Howard is a typical King everyman character, nice and a little dull and a lot like you or me. King might have chosen any number of traditional horror threats with which to menace him—ghosts, zombies, vampires, serial killers, etc.—but instead we’re plunged deep into “WTF?!” territory when Howard enters his bathroom to discover that a human finger is inexplicably poking out of the sink drain, feeling its way around. The fact that a) this makes no sense and b) the finger never appears when his wife is around initially convinces Howard that he’s hallucinating.

This is a familiar situation for horror-story protagonists to find themselves in; since I’ve been referencing The Twilight Zone so much in these write-ups, I’ll point you to “Nightmare at 20,000 Feet,” in which an airplane passenger’s sanity is called into question when he, but nobody else, notices a gremlin running around on the airplane’s wing. King lovingly details Howard’s efforts to deny and rationalize what he’s seen.

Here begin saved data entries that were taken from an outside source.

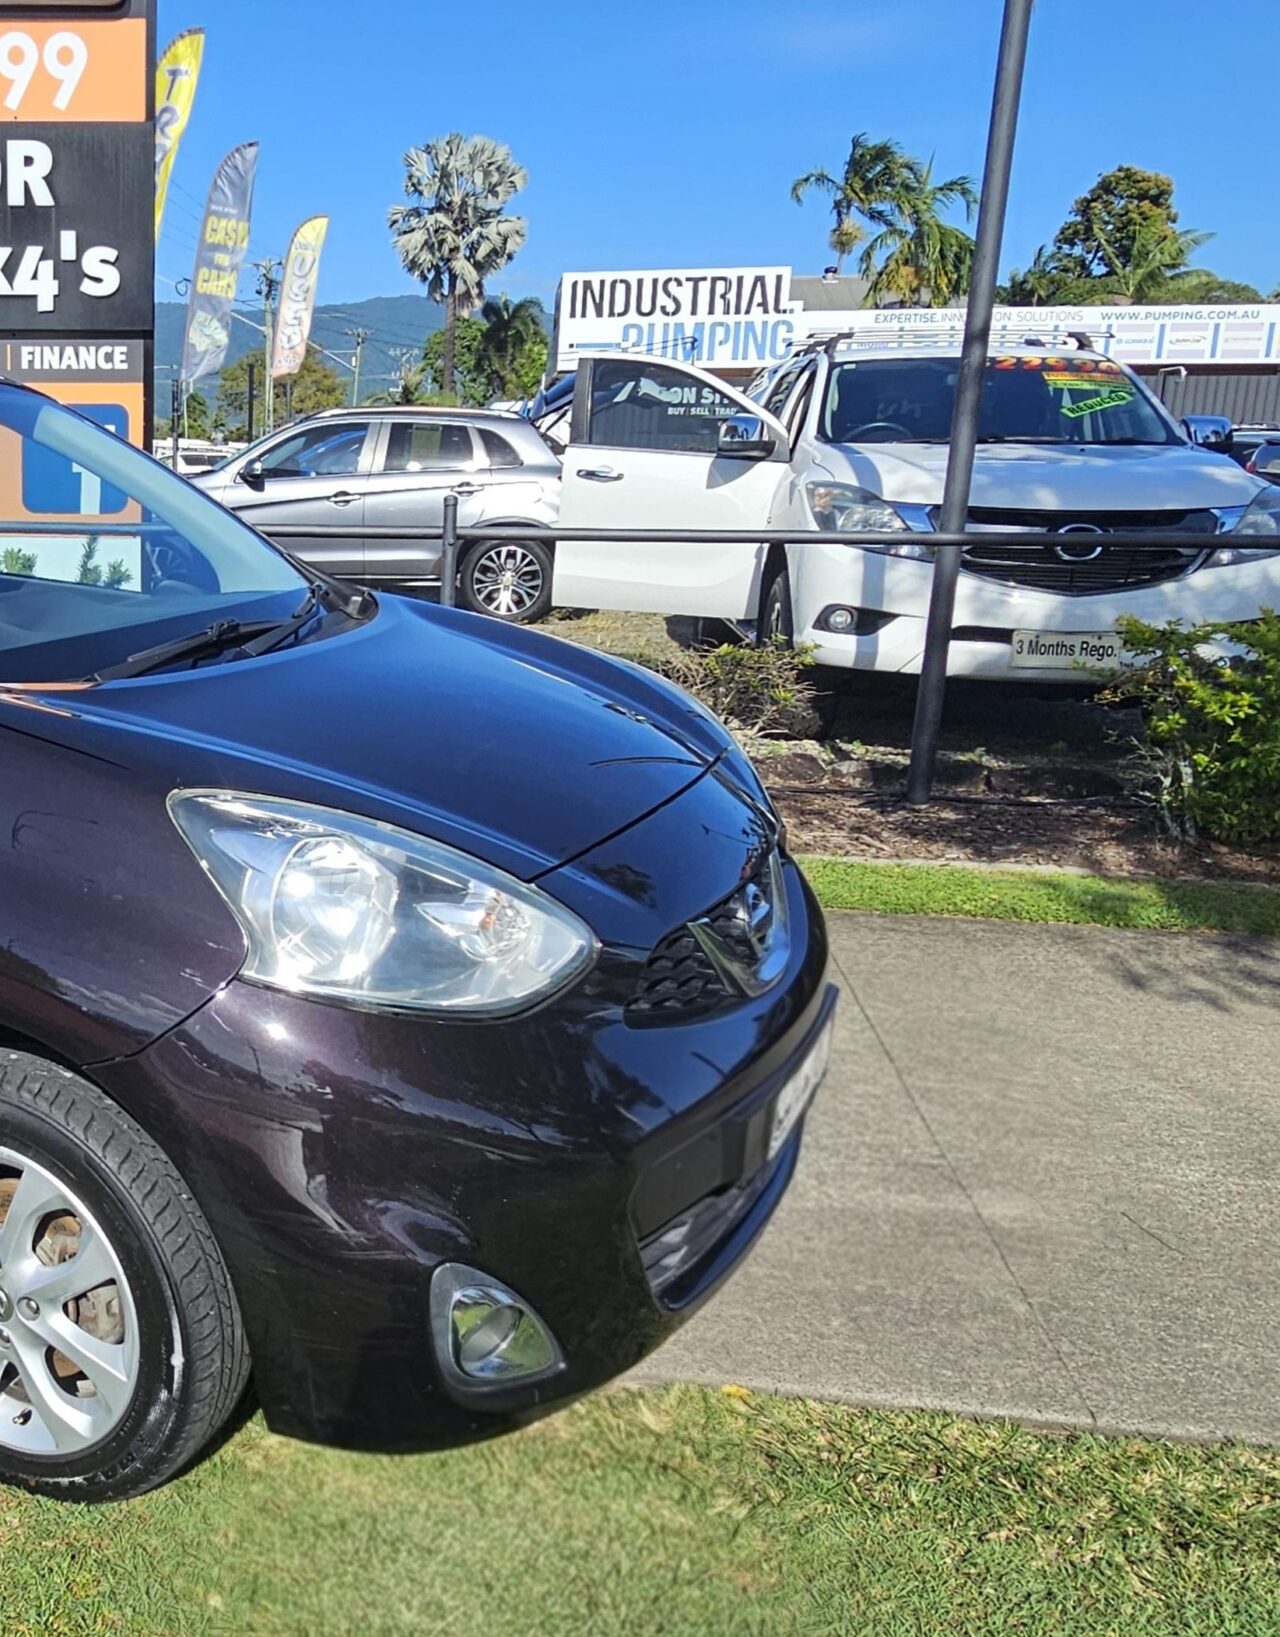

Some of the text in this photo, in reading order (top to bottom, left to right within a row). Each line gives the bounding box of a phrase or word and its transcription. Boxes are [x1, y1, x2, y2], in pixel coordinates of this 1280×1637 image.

[569, 274, 794, 319] INDUSTRIAL
[1017, 310, 1084, 322] SOLUTIONS
[1101, 310, 1260, 321] WWW.PUMPING.COM.AU
[20, 345, 128, 369] FINANCE
[667, 407, 686, 415] BUY
[690, 407, 709, 415] SELL
[1067, 393, 1127, 415] REDUCED
[1016, 639, 1117, 661] 3 Months Rego.
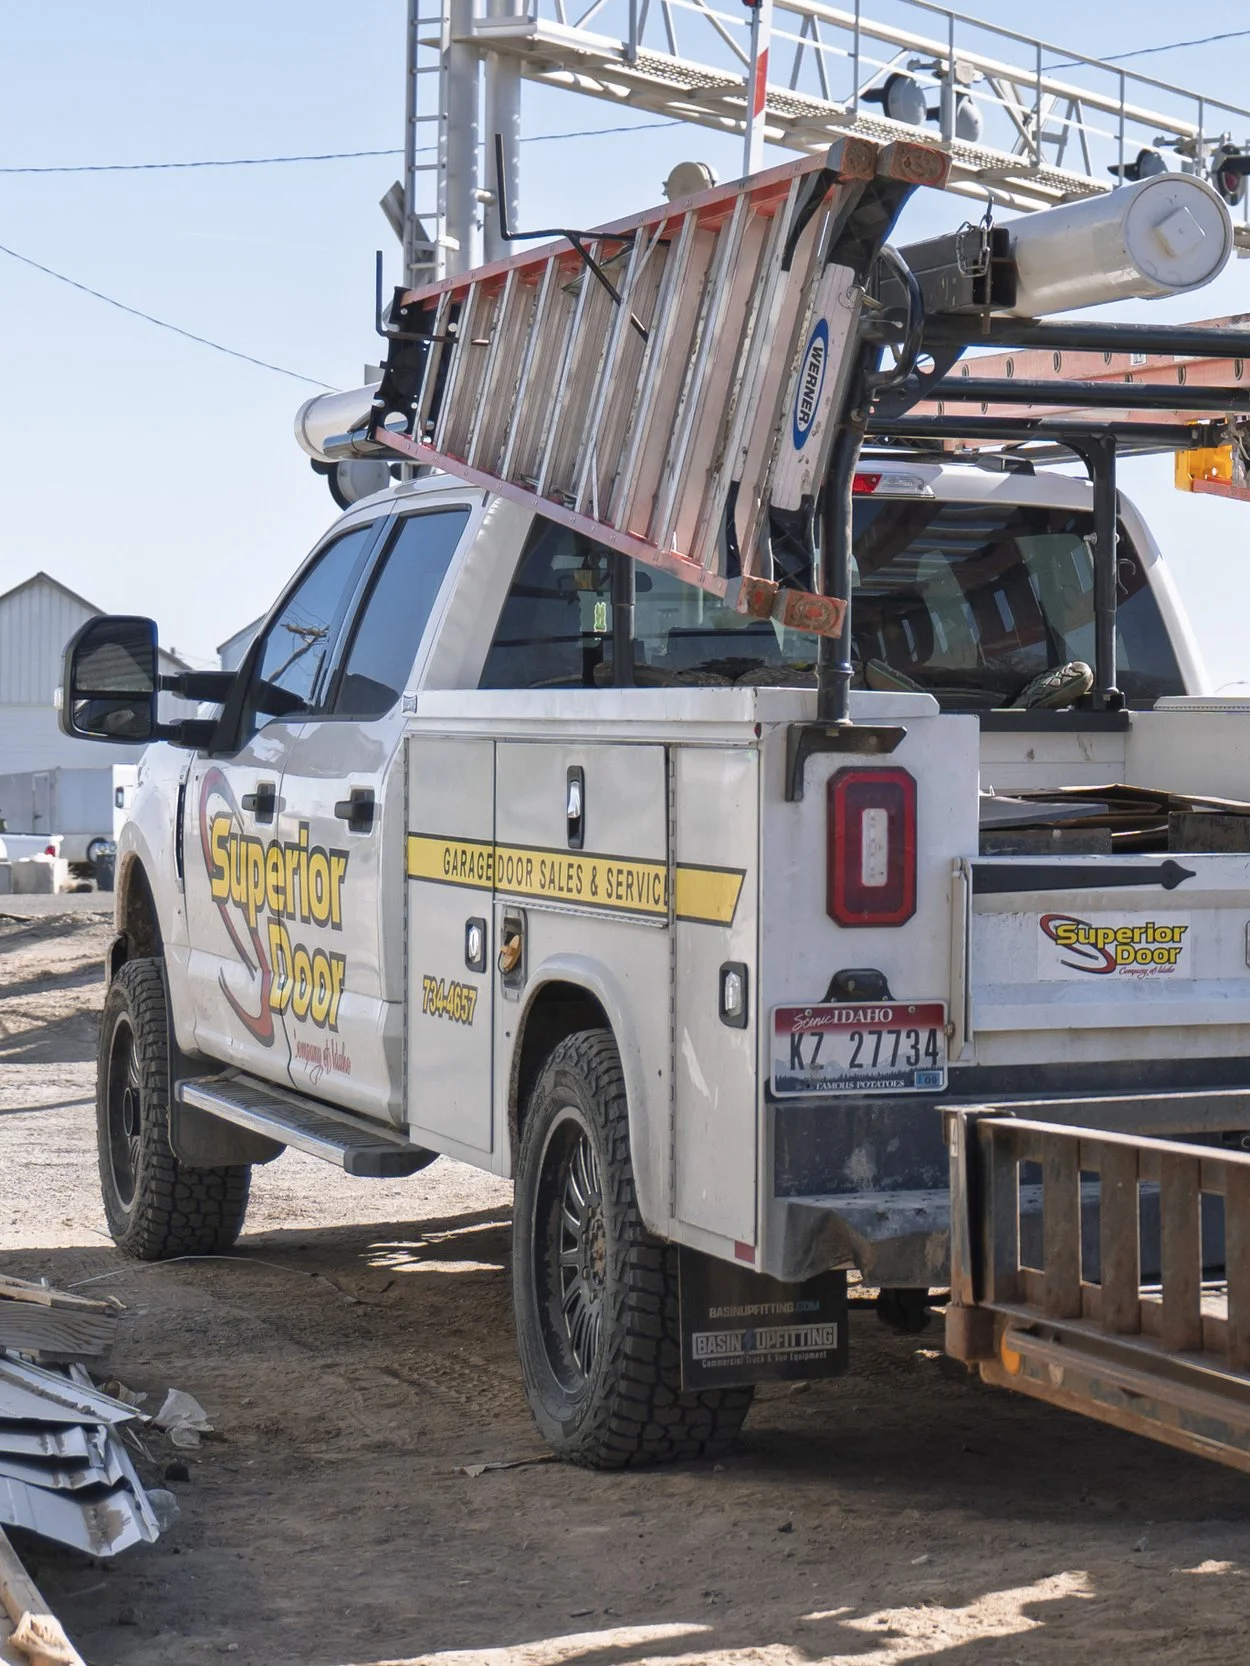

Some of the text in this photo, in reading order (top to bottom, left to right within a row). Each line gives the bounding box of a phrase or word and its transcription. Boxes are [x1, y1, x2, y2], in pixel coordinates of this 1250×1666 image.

[798, 346, 824, 426] WERNER
[209, 810, 350, 932] Superior
[443, 847, 494, 881] GARAGE
[497, 855, 533, 886] DOOR
[539, 860, 584, 895] SALES
[589, 866, 599, 897] &
[1055, 921, 1189, 950] Superior
[1115, 943, 1184, 966] Door
[267, 915, 347, 1033] Door
[421, 974, 479, 1027] 734-4657
[792, 1007, 893, 1031] Scenic IDAHO
[789, 1028, 939, 1071] KZ 27734
[816, 1079, 905, 1090] FAMOUS POTATOES
[697, 1327, 833, 1354] BASIN UPFITTING
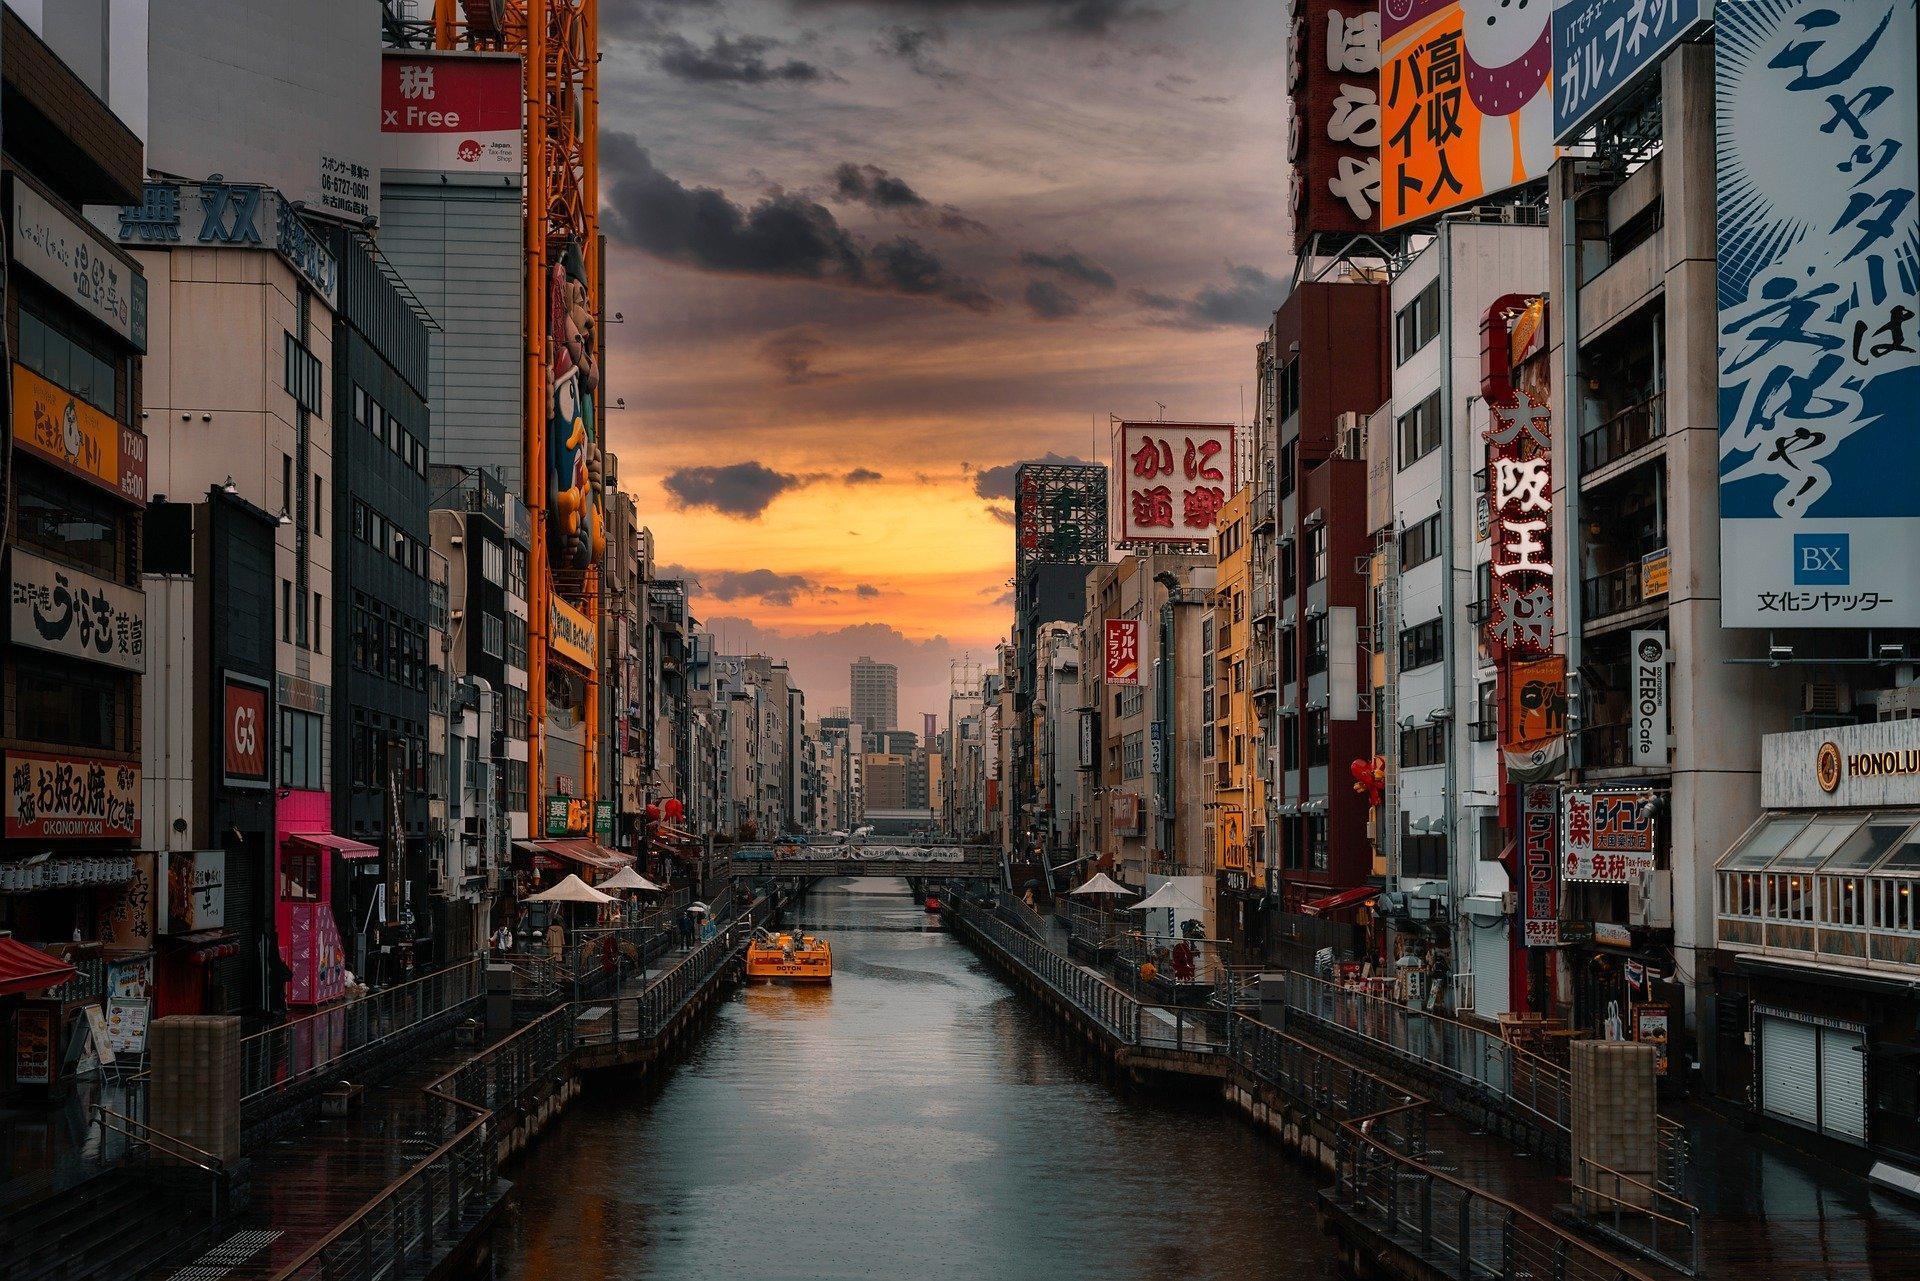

“The Moving Finger” takes place in a Queens apartment, no doubt to better capitalize on the old urban legend about monsters in the New York sewers. Add to that one of humanity’s less dignified fears, that something’s going to grab us while we’re in the shower or on the toilet, and you have the recipe for a story that can gross us out while making us laugh at its sheer ridiculousness.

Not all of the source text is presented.